Short reasons for long vectors in HPC CPUs: a study based on RISC-V
Abstract
This study analyzes the performance benefits of exceptionally long vector units in High-Performance Computing (HPC) CPUs using a customizable RISC-V core setup. Testing vector lengths up to 256 double-precision elements against non-dense workloads (SpMV, BFS, PageRank, FFT), the research measures performance while varying memory latency and bandwidth. The results confirm that larger vector lengths significantly improve the tolerance to limitations within the memory subsystem, expanding vectorization opportunities beyond traditional dense linear algebra.
Report
Key Highlights
- The study investigates the impact of ultra-long vector units on CPU throughput in High-Performance Computing (HPC).

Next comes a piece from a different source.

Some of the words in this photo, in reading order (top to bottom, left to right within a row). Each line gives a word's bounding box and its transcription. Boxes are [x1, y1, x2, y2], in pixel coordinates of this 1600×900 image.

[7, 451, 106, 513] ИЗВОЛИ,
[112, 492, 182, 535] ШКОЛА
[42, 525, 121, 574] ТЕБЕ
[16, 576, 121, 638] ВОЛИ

- A customizable RISC-V core was utilized to test vector lengths significantly exceeding commercial standards (which typically handle only 8 double-precision elements).
- The research focuses specifically on non-dense workloads (SpMV, BFS, PageRank, FFT) to examine performance outside of traditional dense linear algebra.

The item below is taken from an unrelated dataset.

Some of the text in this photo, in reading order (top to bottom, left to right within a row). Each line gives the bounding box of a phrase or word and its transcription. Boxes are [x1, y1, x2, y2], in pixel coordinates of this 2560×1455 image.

- Key finding: Larger vector lengths provide better tolerance against limitations in the memory subsystem, particularly memory latency and bandwidth bottlenecks.
Technical Details
- Architecture: Based on a RISC-V CPU core connected to a highly customizable vector unit.
- Vector Width Tested: The experimental setup was capable of operating up to 256 double-precision (DP) elements per instruction, a substantial increase over typical commercial SIMD units.
- Workloads: Four distinct, non-dense computational kernels were used: Sparse Matrix-Vector multiplication (SpMV), Breadth-First Search (BFS), PageRank, and Fast Fourier Transform (FFT).
- Methodology: Performance was measured by systematically varying three parameters: vector length, memory latency, and memory bandwidth, to assess the system's robustness.
Implications
- Validation of RISC-V Vector (RVV): The findings provide strong evidence supporting the architectural choice of highly scalable and configurable vector units, a core feature of the RISC-V Vector extension (RVV).
- Addressing Memory Bottlenecks: Demonstrating that long vectors can effectively mask high memory latency and limited bandwidth is crucial for advancing HPC architecture design.
- Expanding Vectorization Scope: The results offer a promising path for code developers working on non-dense scientific workloads, enabling vectorization benefits in domains previously considered poorly suited for traditional SIMD parallelism.